I was looking forward to Christmas Eve in Indonesia. I was invited to a party thrown by the very international, foreign missionaries in town. They were a rather right clique with their shared religious purpose, but invited me to events now and then. Christmas Eve would begin with an international potluck, so I decided to bake something familiar, an American apple pie. This was a challenge in a country with few apples and fewer ovens, but luckily, up in the hills outside my tropical city was a cooler region, famous for this “exotic” fruit. And my homestay family had recently bought an oven, perhaps as a status symbol. No one had ever used it, and it sat like a throne in its shiny white, virginal state. Then I needed fat for the crust. Lard would be nearly impossible to find in Muslim Java, and I didn’t want to use the common palm oil, but I knew I could buy Dutch butter in a can. The pie turned out well and off I went into the evening, darkness falling quickly near the equator. The Christmas Eve potluck with the missionaries was like a quick visit home, with familiar foods and a few Midwesterners. A short skit by the children and some carol singing created a comforting and familiar Hallmark Christmas.

I jumped from familiarity into the exotic and fantastic. The next thing on my Christmas Eve schedule was a wedding! I worked at a university, and our chancellor’s daughter was getting married. The entire staff was invited (and expected to attend) the Javanese wedding reception at the university.

The hall was set up with a large platform at one end, which was covered with flowers and backed by a wooden carved backdrop in gold. A full gamelan orchestra played their xylophones and gongs in the background. On the platform sat the bride and groom, adorned in traditional Central Javanese royalty style, golden sarongs and leis of jasmine. Two young girls with huge fans made of peacock feathers slowly fanned the couple. The guests made a long line to greet and give best wishes to the couple.

After that, we each received a waxed cardboard box of fried chicken and rice to eat. There was no alcohol, of course. It was the most un-Christmassy of Christmas events I had ever been to.

I soon left and hired a “becak”, a bicycle rickshaw or pedicab, to take me home now that it was dark. A couple of blocks from my homestay, I noticed that the big white cement church on the corner had streams of people going in.
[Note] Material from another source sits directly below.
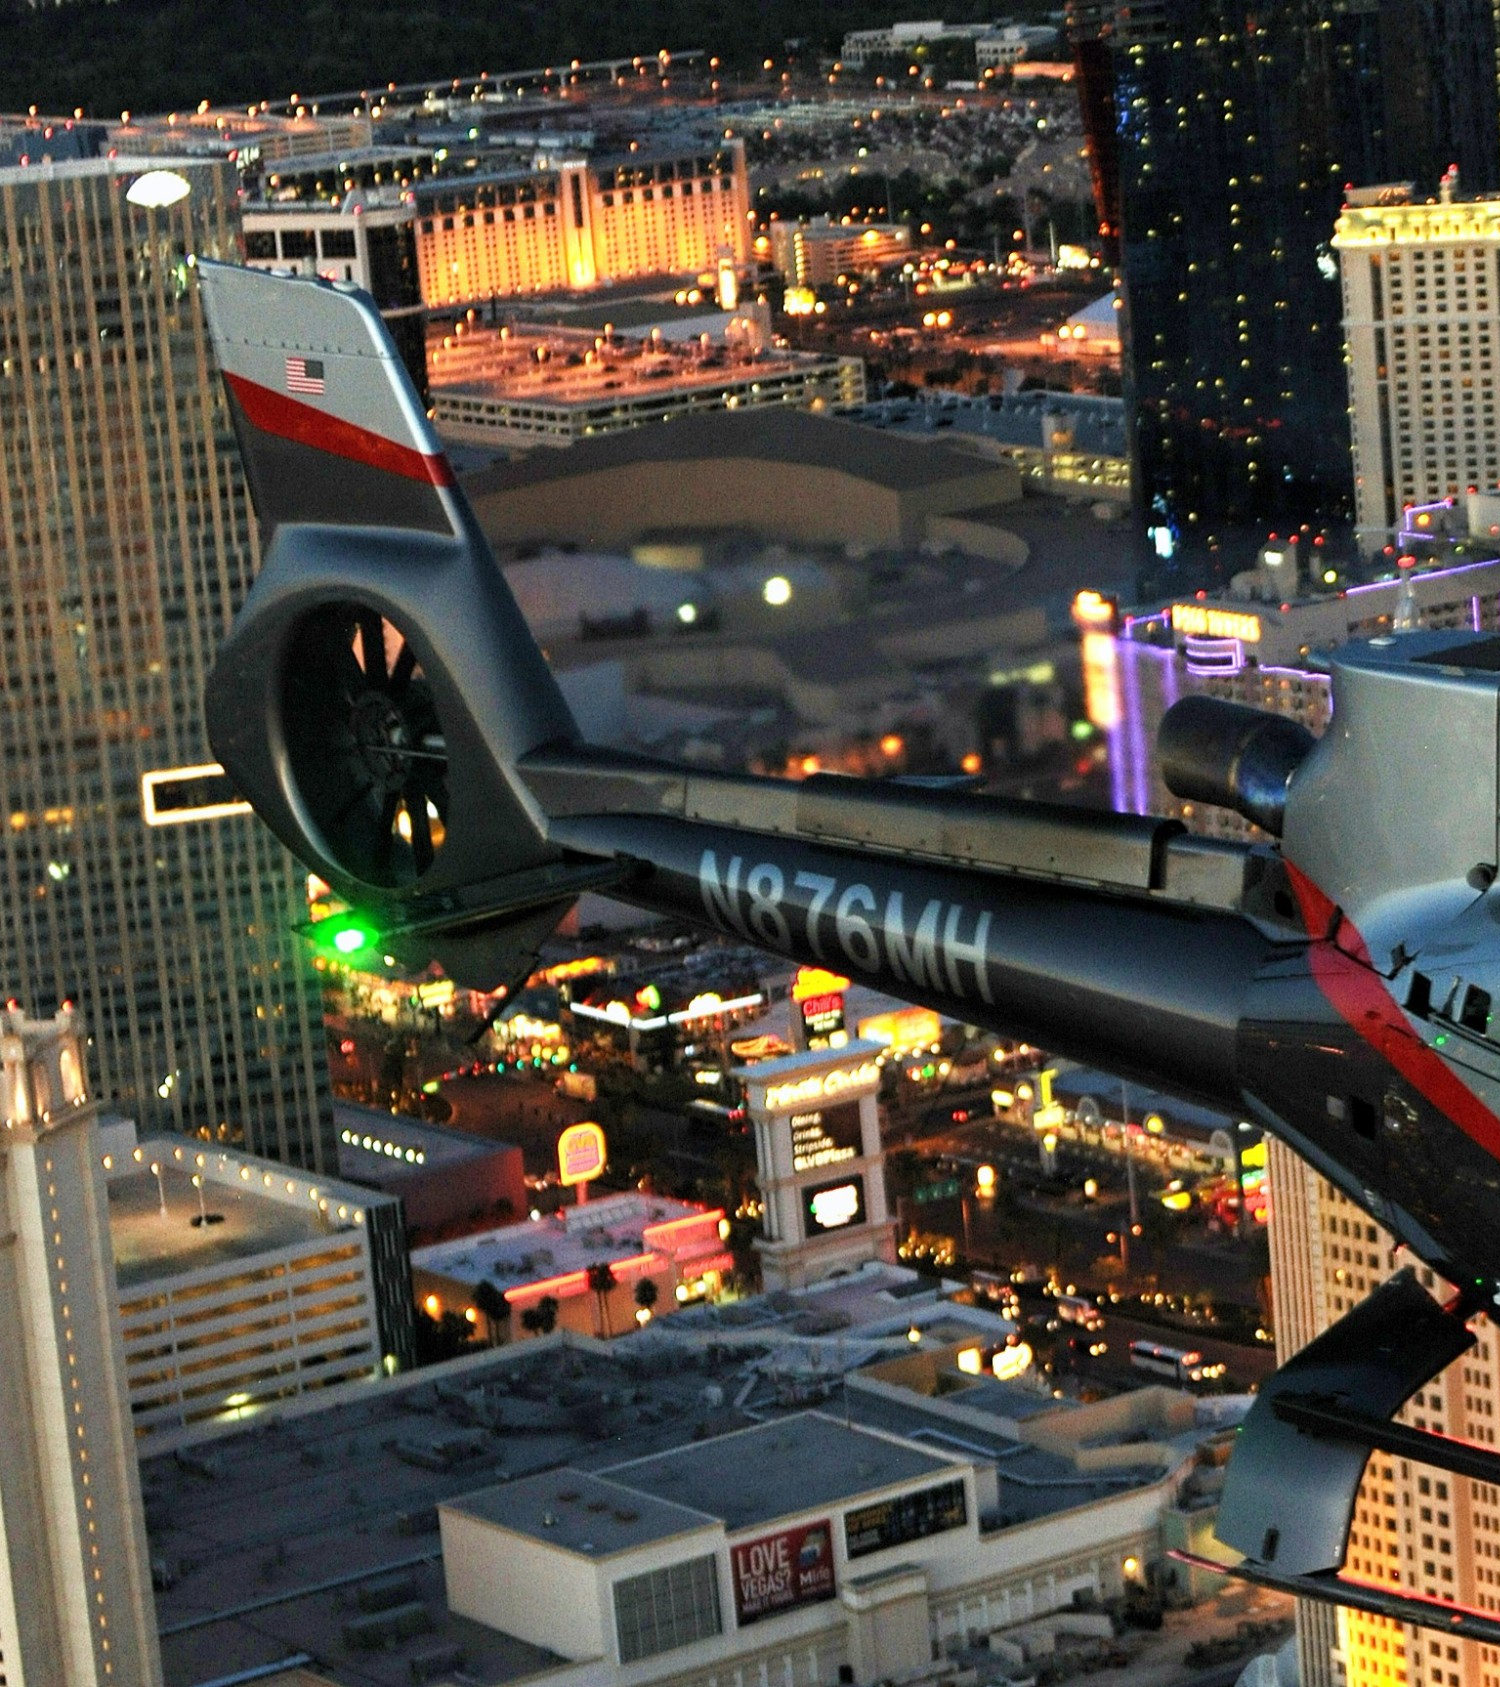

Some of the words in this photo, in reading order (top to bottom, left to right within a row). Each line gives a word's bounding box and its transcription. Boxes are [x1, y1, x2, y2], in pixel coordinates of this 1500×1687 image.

I had heard that the congregation was made up of people from the Indonesian island of Ambon, and that the Ambonese are famous for their singing. I impulsively told the becak driver to drop me off there. I entered the church and was handed a program. Inside the folded sheet, I found all familiar carols, the lyrics printed in Indonesian, which I could easily read. The familiarity was soothing and the service was nearly all a capella singing. The main section of the church below and the balcony above were packed with Ambonese singing in full, rich voices and harmonies. I felt surrounded by and immersed in reverberating, undulating voices, soothing my brain into total comfort even though I was the only non-Indonesian out of the hundreds there. To me, this captured the familiar essence of Christmas – singing in joy and welcoming a stranger on a peaceful night.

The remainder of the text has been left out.